Search code examples
apache-flinkflink-streaming

Apache Flink - how to stop and resume stream processing on downstream failure


I have a Flink application that consumes incoming messages on a Kafka topic with multiple partitions, does some processing then sends them to a sink that sends them over HTTP to an external service. Sometimes the downstream service is down the stream processing needs to stop until it is back in action.

There are two approaches I am considering.

  1. Throw an exception when the Http sink fails to send the output message. This will cause the task and job to restart according to the configured restart strategy. Eventually the downstream service will be back and the system will continue where it left off.
  2. Have the Sink sleep and retry on failure; it can do this continually until the downstream service is back.

From what I understand and from my PoC, with 1. I will lose exactly-least once guarantees since the sink itself is external state. As far as I can see, you cannot make a simple HTTP endpoint transactional, as it needs to be to implement TwoPhaseCommitSinkFunction.

With 2. this is less of an issue since pipeline will not proceed until the sink makes a successful write, and I can rely on back pressure throughout the system to pause the retrieval of messages from the Kafka source.

The main questions I have are:

  1. Is it a correct assumption that you can't make a TwoPhaseCommitSinkFunction for a simple HTTP endpoint?
  2. Which of the two strategies, or neither, makes the most sense?
  3. Am I missing simpler obvious solutions?

Solution

  • I think you can try AsyncIO in Flink - https://nightlies.apache.org/flink/flink-docs-master/docs/dev/datastream/operators/asyncio/.

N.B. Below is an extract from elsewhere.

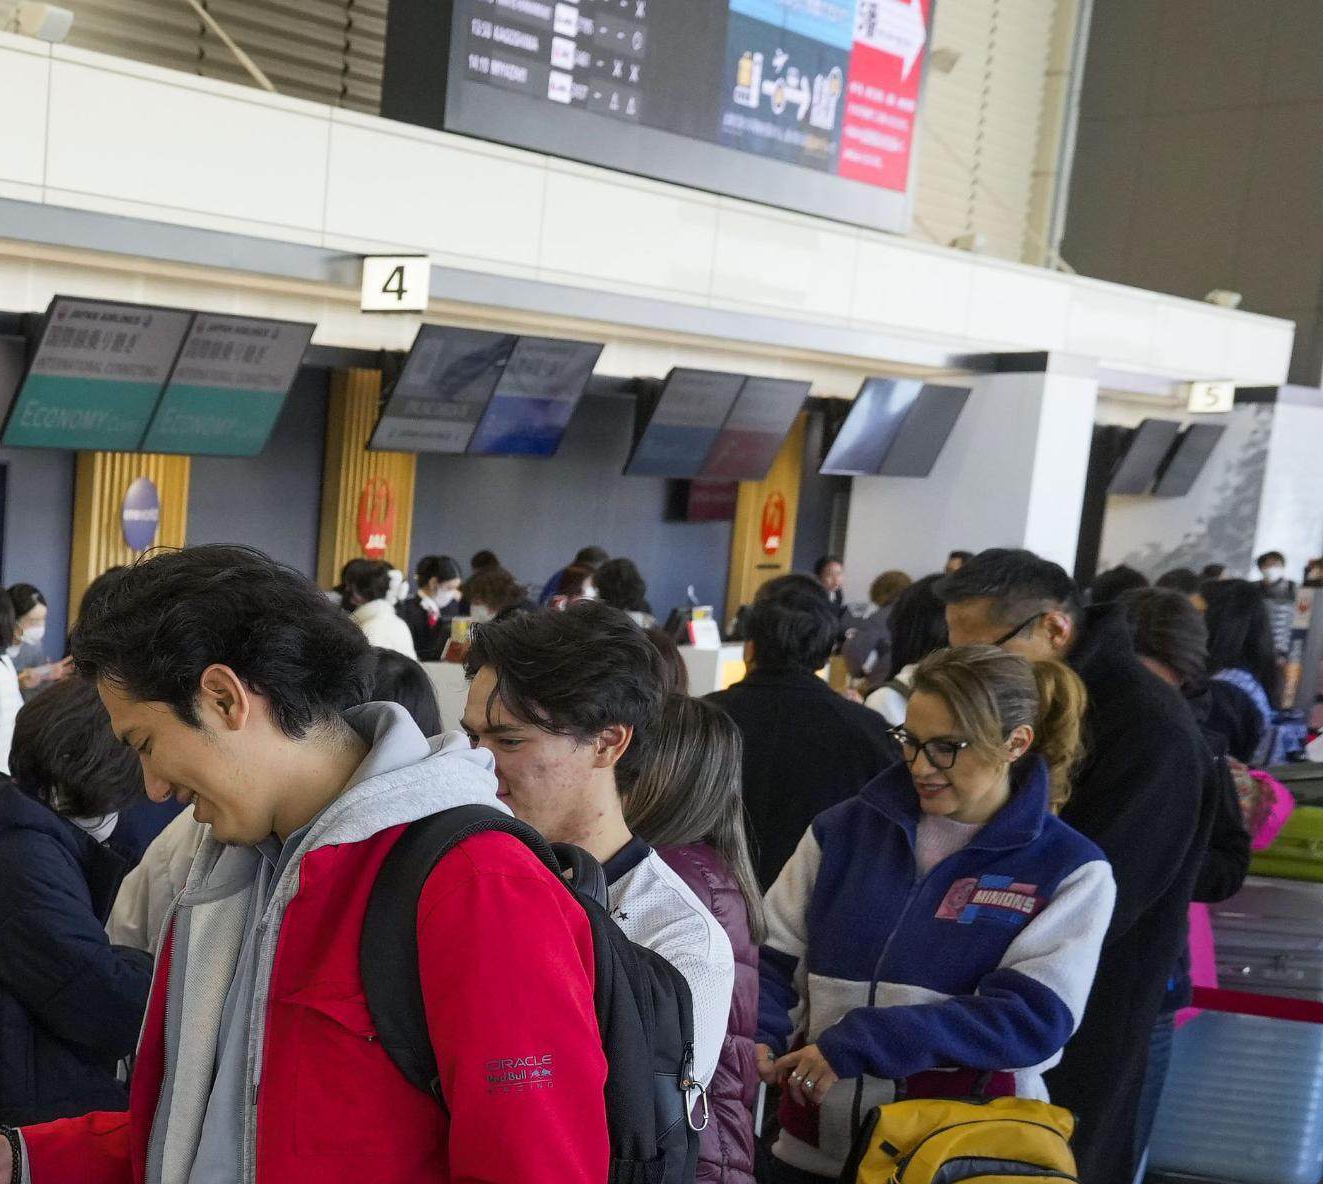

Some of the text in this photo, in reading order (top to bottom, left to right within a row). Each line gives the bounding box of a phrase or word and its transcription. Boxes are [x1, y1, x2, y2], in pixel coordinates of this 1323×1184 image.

    Try to make the HTTP endpoint send a response once all operation has been done for the request, e.g. In http server, the process for the request has been done and the result has been committed to DB. Then use a http async client in AsyncIO operator. The AsyncIO operator will wait until the response is received by the operator. If any error happened, the Flink streaming pipeline will fail and restart the pipeline based on recovery strategy.

    All requests to HTTP endpoint without receiving response will be in the internal buffer of AsyncIO operator, and once streaming pipeline failed, the requests pending in the buffer will be saved in the checkpoint state. It will also trigger back pressure when the internal buffer is full.